安酿打算在老宅住几天,好好陪陪安爷爷和安乘他们再回k市。
林坷已经出院了,也开始跟anlou的负责人接触,商榷画展的细节,这件事安漠和安酿的决定一致,公事公办。
在老宅安酿陪着安爷爷早起打太极拳,吃完早餐后又画了会画,下午陪着安爷爷聊了会天安爷爷午睡后,她就窝在自己房间的小书房里看书,然后小朋友放学,她把带回来的礼物分给六个小孩后,跟安境暖,安境暄和安境晨在花园里玩捉迷藏,晚饭后陪着安爷爷散步消食,在楼下客厅跟哥哥嫂嫂们孩子们看了会电视,后来跟安乘下了几盘棋。
夜里她躺在粉色柔软的床上,这一整天过的充实惬意,让她没有空隙去想陆知椹,现下呆在静谧的房间里,倒有点想了。

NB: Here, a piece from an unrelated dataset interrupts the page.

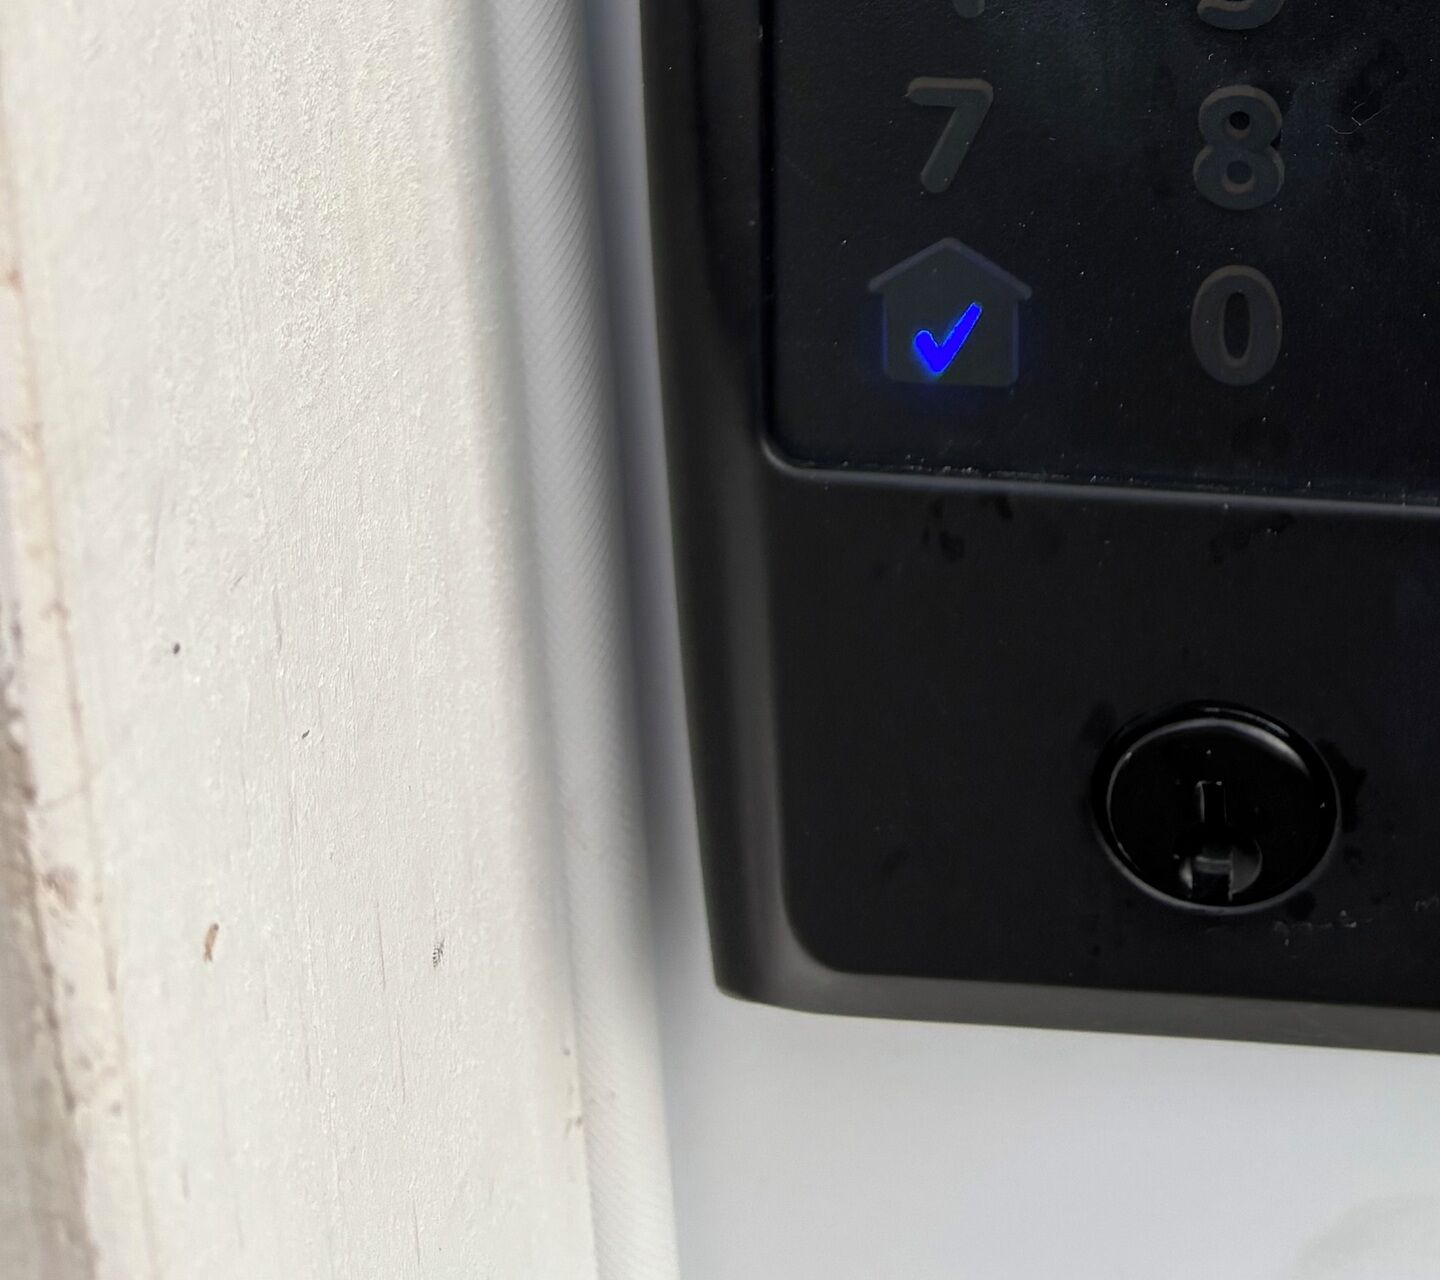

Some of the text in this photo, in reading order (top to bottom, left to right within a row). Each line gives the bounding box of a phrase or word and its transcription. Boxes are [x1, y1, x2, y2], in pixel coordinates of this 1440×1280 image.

脑海里想的都是他昨天说的那几句话,想着想着又埋怨起他来,昨天还说着学着追人了,今天一点动静都没有,一点表现都没有。
他该不会是随便说说哄她的吧。
安酿烦躁的翻了翻身。
不可能,他性子做不出来敷衍的事。
那就是不知道怎么追?没找到方法?
这倒是很有可能。
虽然他很聪明,可在感情面前,完完全全就是榆木脑袋,估计现在也还没开窍。
也行吧,那就勉勉强强原谅他。
可是如果他一直学不会呢?
安酿翻来覆去,越想越不得劲。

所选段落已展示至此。